The hon. Gentleman must accept that that argument does not stack up. Let us look at the number of people who travel to the United States or Mexico every year. Is he seriously suggesting that there ought to be some common justice system among those states as well? He is arguing from a weak position.
No, I am not. The hon. Lady complained that the Government and Members of the House of Lords advanced their argument on the European arrest warrant only because it was more convenient and practical. I am trying to suggest that convenience and practicality are three quarters of the point. In the end, it is in the interests of British people.
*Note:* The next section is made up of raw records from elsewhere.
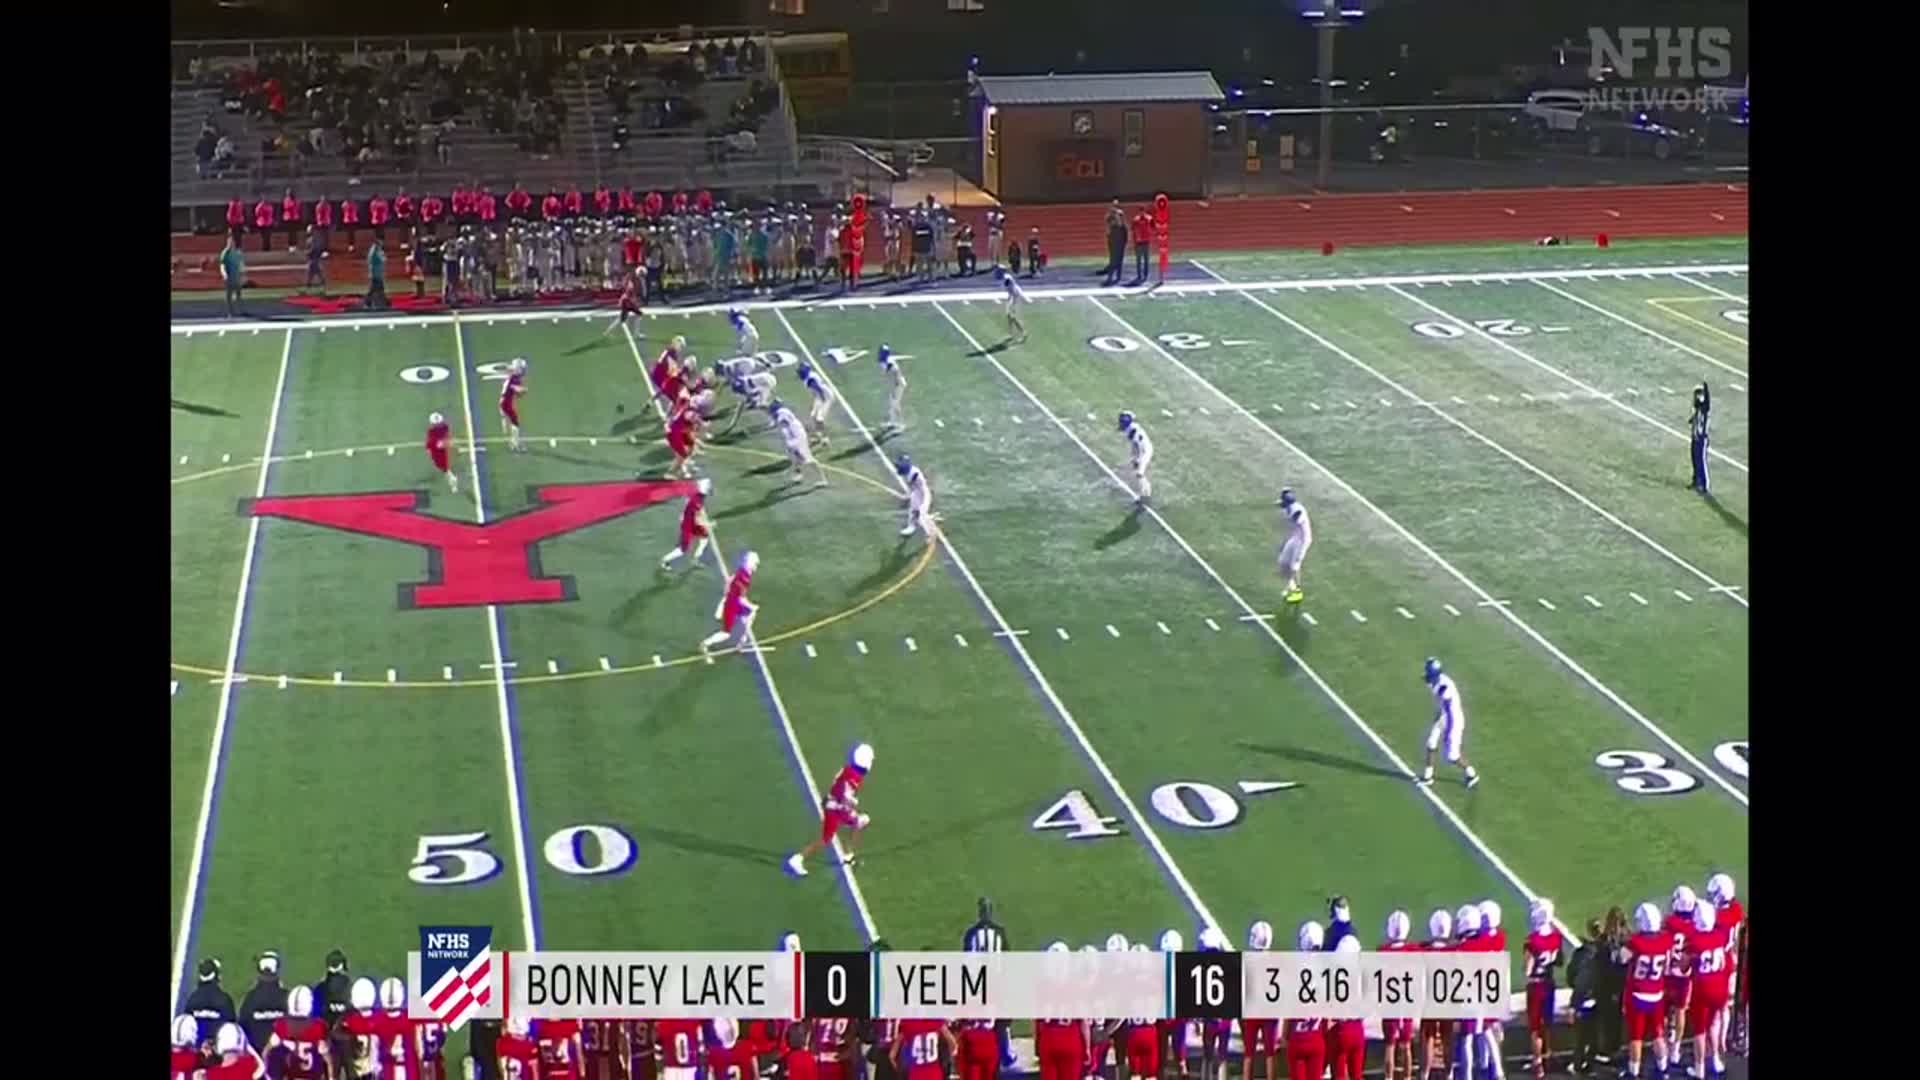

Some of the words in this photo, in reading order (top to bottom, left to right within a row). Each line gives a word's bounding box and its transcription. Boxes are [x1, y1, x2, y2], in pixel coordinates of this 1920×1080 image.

[247, 480, 705, 608] Y
[1033, 782, 1240, 838] 40
[408, 824, 634, 884] 50
[1634, 954, 1666, 980] 65
[675, 1033, 689, 1063] 0
[912, 1032, 938, 1064] 40
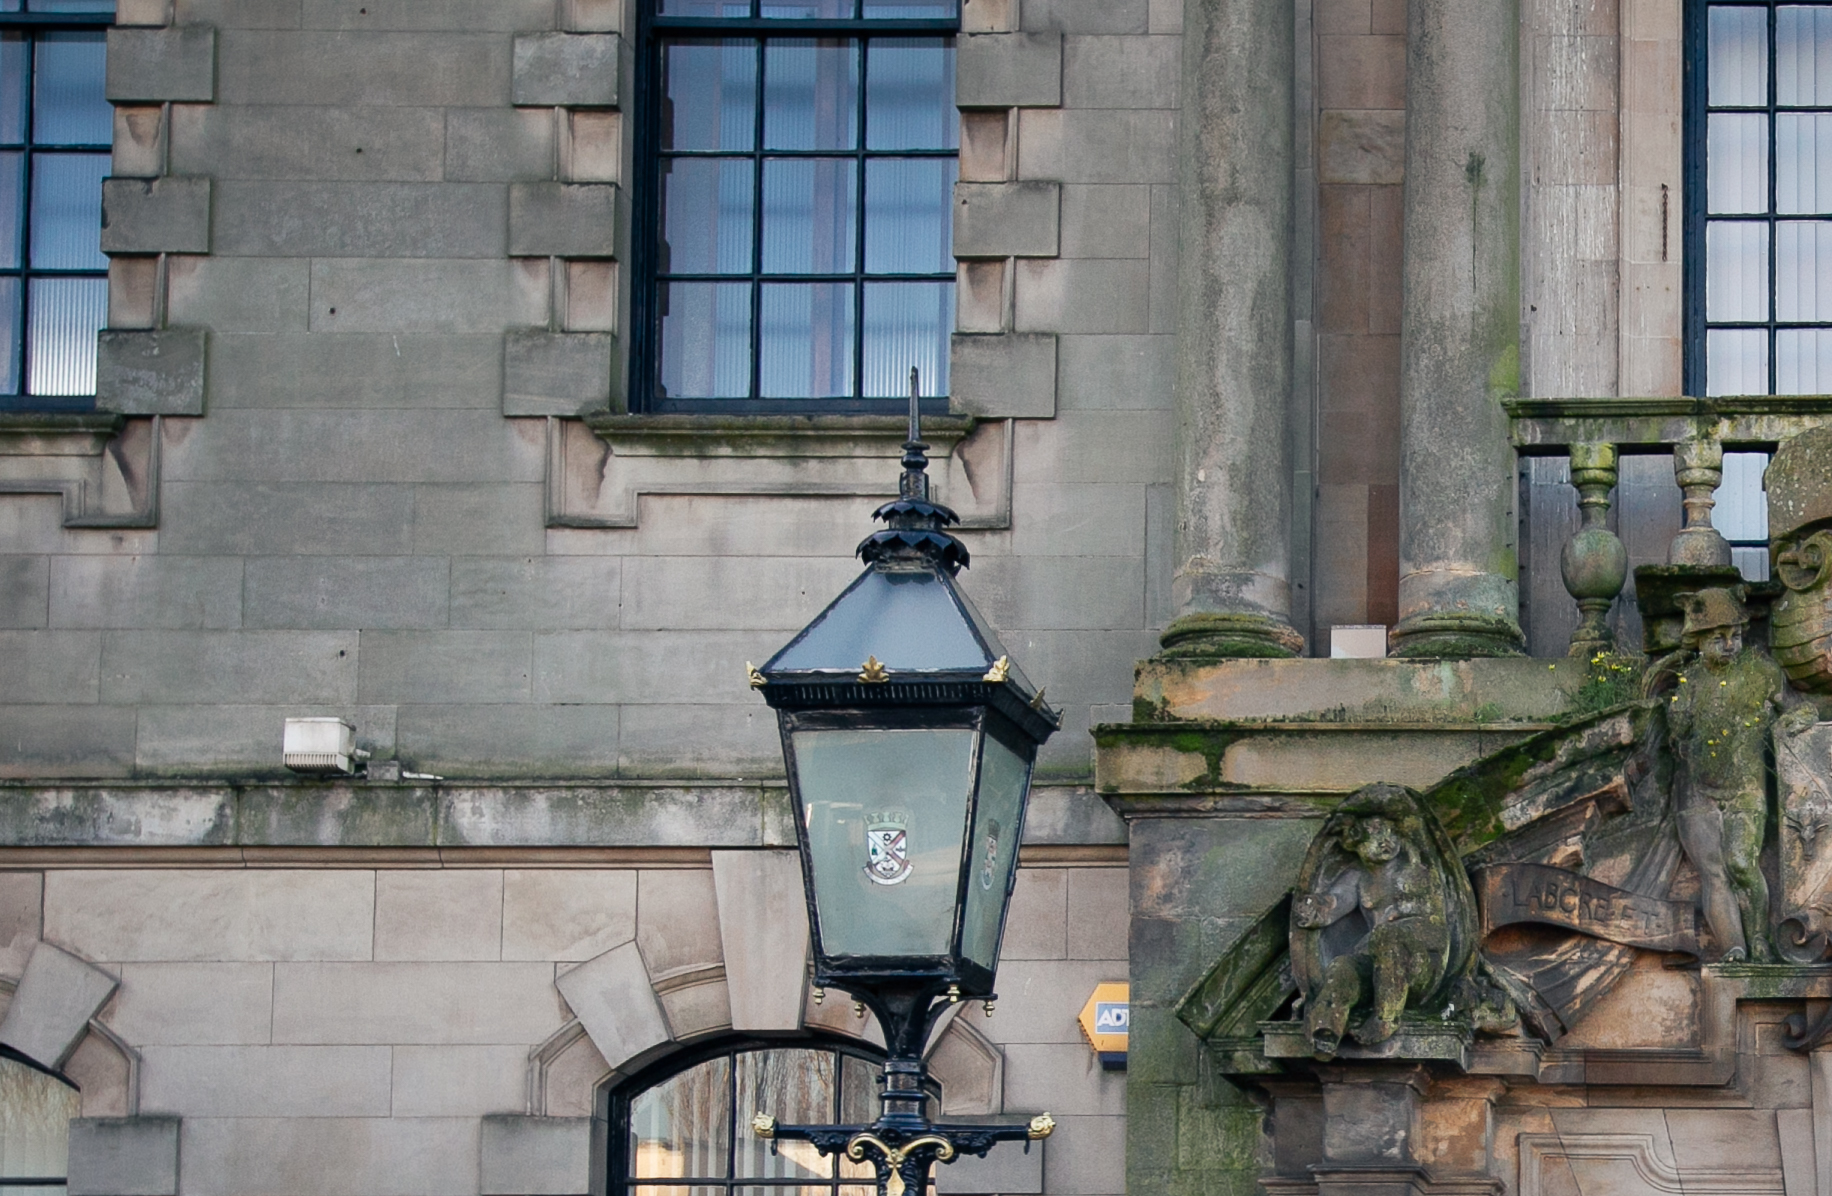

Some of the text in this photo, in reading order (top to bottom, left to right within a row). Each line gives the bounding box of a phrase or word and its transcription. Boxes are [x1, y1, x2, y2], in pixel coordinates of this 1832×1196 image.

[1511, 877, 1660, 935] LABORE ET
[1097, 1008, 1129, 1026] ADT
I shall take the American point as an example. When the new extradition treaty was agreed between the UK and the United States of America, despite the fact that the American Government—the President—had negotiated the treaty, it was a significant problem that the legislature had to put it in place. We moved much more quickly in this country to ratify the treaty than the Americans, and there was a period when the provisions were not perfectly equal between the two countries and when people such as the hon. Lady who argued that there was an imbalance were right. That is no longer the case, because both countries have implemented the measure.
My point to the hon. Lady is that long before we had the European arrest warrant, a Conservative Government under Mrs Thatcher were painfully aware of the problems of not having a proper extradition system across the whole European Union, where most British people do most of their travelling. That is why we had Ronnie Biggs and many others stuck on the costa del crime in Spain. Franco would not extradite anyone.
I shall give way to the 16th century in a moment.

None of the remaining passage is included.